|
Internet Travel Monitor - Industry News
September 2, 2009
Business Travelers Give Up Amenities to Cut Costs
NEW YORK, NY – As the recession unfolds, a growing number of budget-minded business travelers are shifting to lower-price hotels, whether by choice or because their bosses are telling them to.
The biggest beneficiaries of the shift, travel experts say, are the hotels that keep prices down by not offering amenities like restaurants or meeting rooms.
“Travel managers have told us within their companies they’re moving travelers to lower-tier hotels, ” said Caleb Tiller, spokesman for the National Business Travel Association. “It’s definitely a trend we’ve seen.”
He said companies were taking a varied approach to the switch. Some are requiring it, others strongly encouraging it and others trying to set an example by having even top executives book more modest accommodations.
For those now staying at more bare-bones properties, the downgrading has some discomforts. Alan Hawrylyshen, a technology applications director for a manufacturer of mobile and voice-over-Internet networks, said he had encountered a host of minor inconveniences.
At full-service hotels where he once was a regular, Mr. Hawrylyshen said checking in was welcoming and efficient. “There was never a line. They’d be expecting you, greet you by name.” Hopscotching to different hotels in search of low rates now means staying at places where his information is not already in the computer system.

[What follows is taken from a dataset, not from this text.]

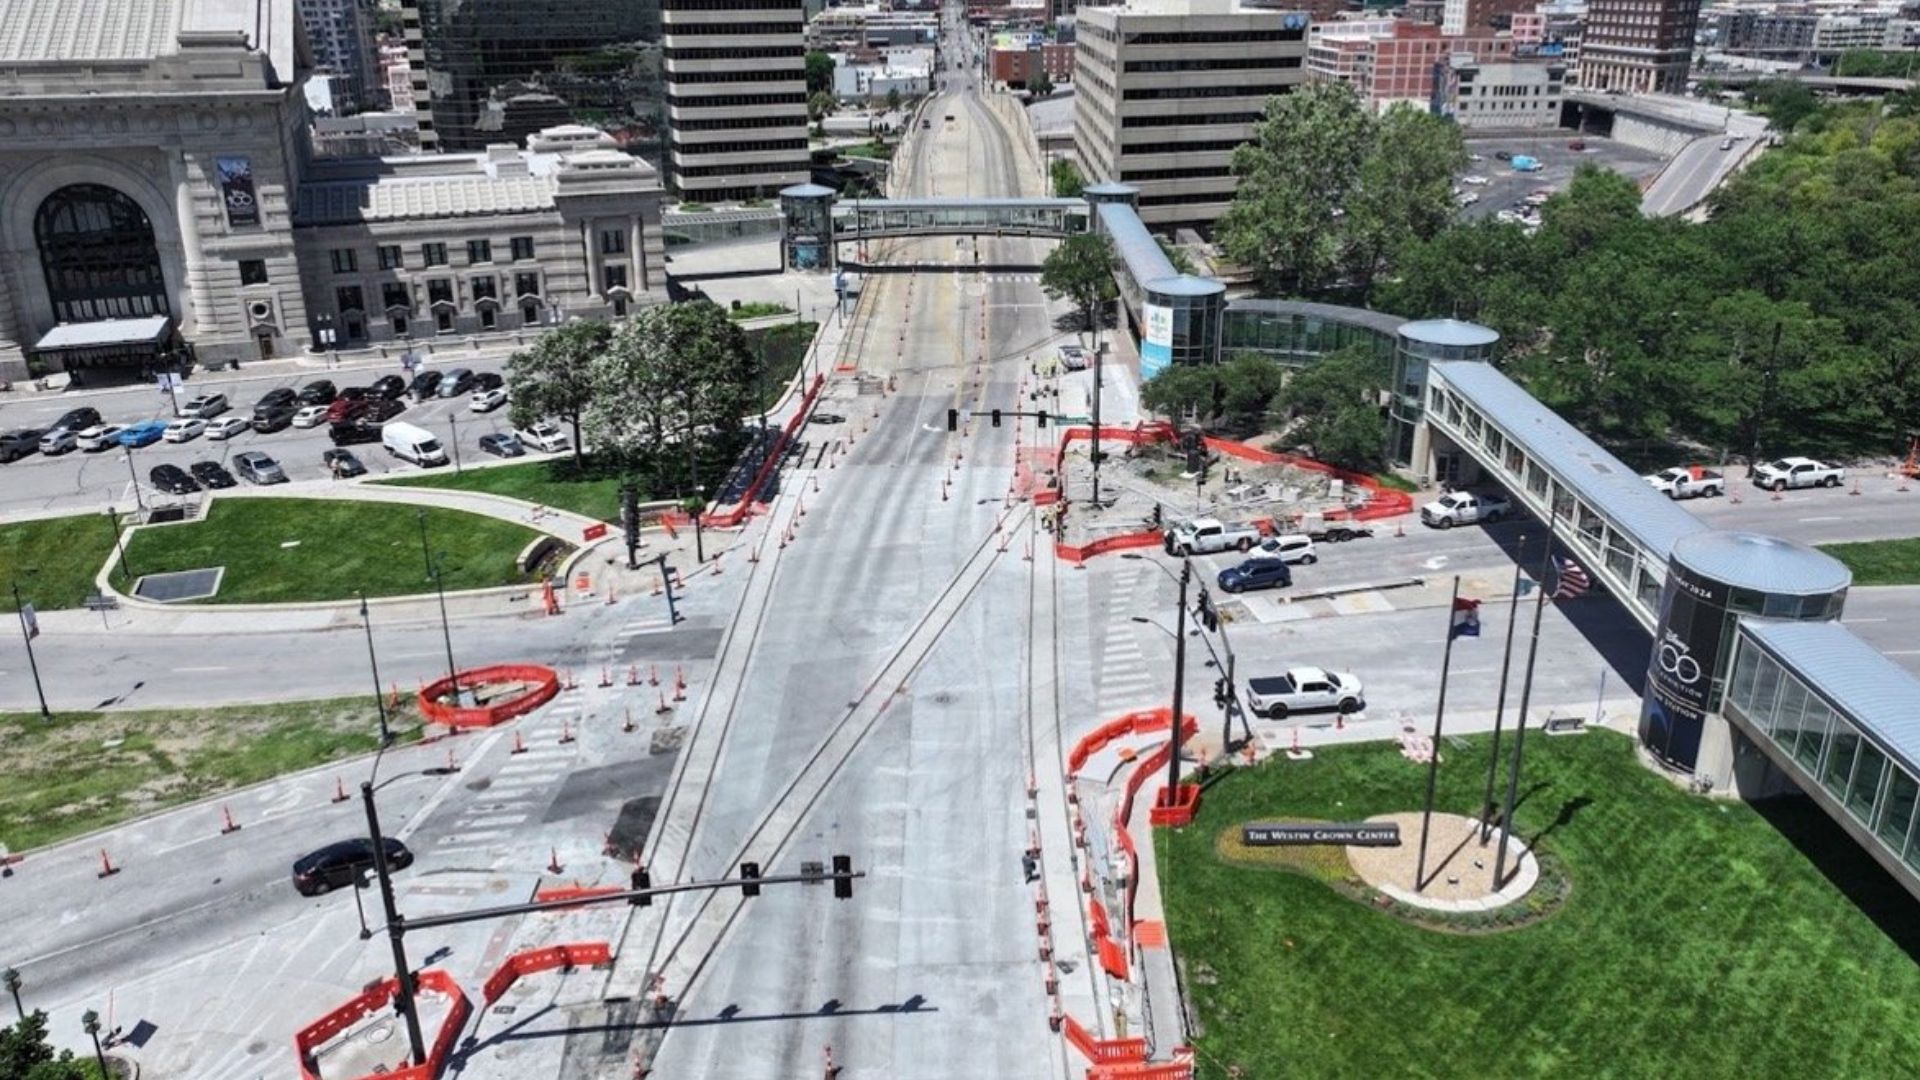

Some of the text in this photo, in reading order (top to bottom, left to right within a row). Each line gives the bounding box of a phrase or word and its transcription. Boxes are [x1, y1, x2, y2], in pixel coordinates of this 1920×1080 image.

[1249, 830, 1396, 840] THE WESTIN CROWN CENTER

“Suddenly, checking in takes longer because they have to process your credit card and you have to fill out forms,” said Mr. Hawrylyshen, who travels one to four times a month. “It adds 10 minutes or more, sometimes up to half an hour” to his already hectic schedule.
Unfortunately for travelers like Mr. Hawrylyshen, this trend show no signs of abating. According to Peter C. Yesawich, chairman and chief executive at Ypartnership, a travel marketing and research company, a quarter of the nearly 800 business travelers surveyed this year indicated that they were booking less expensive hotels.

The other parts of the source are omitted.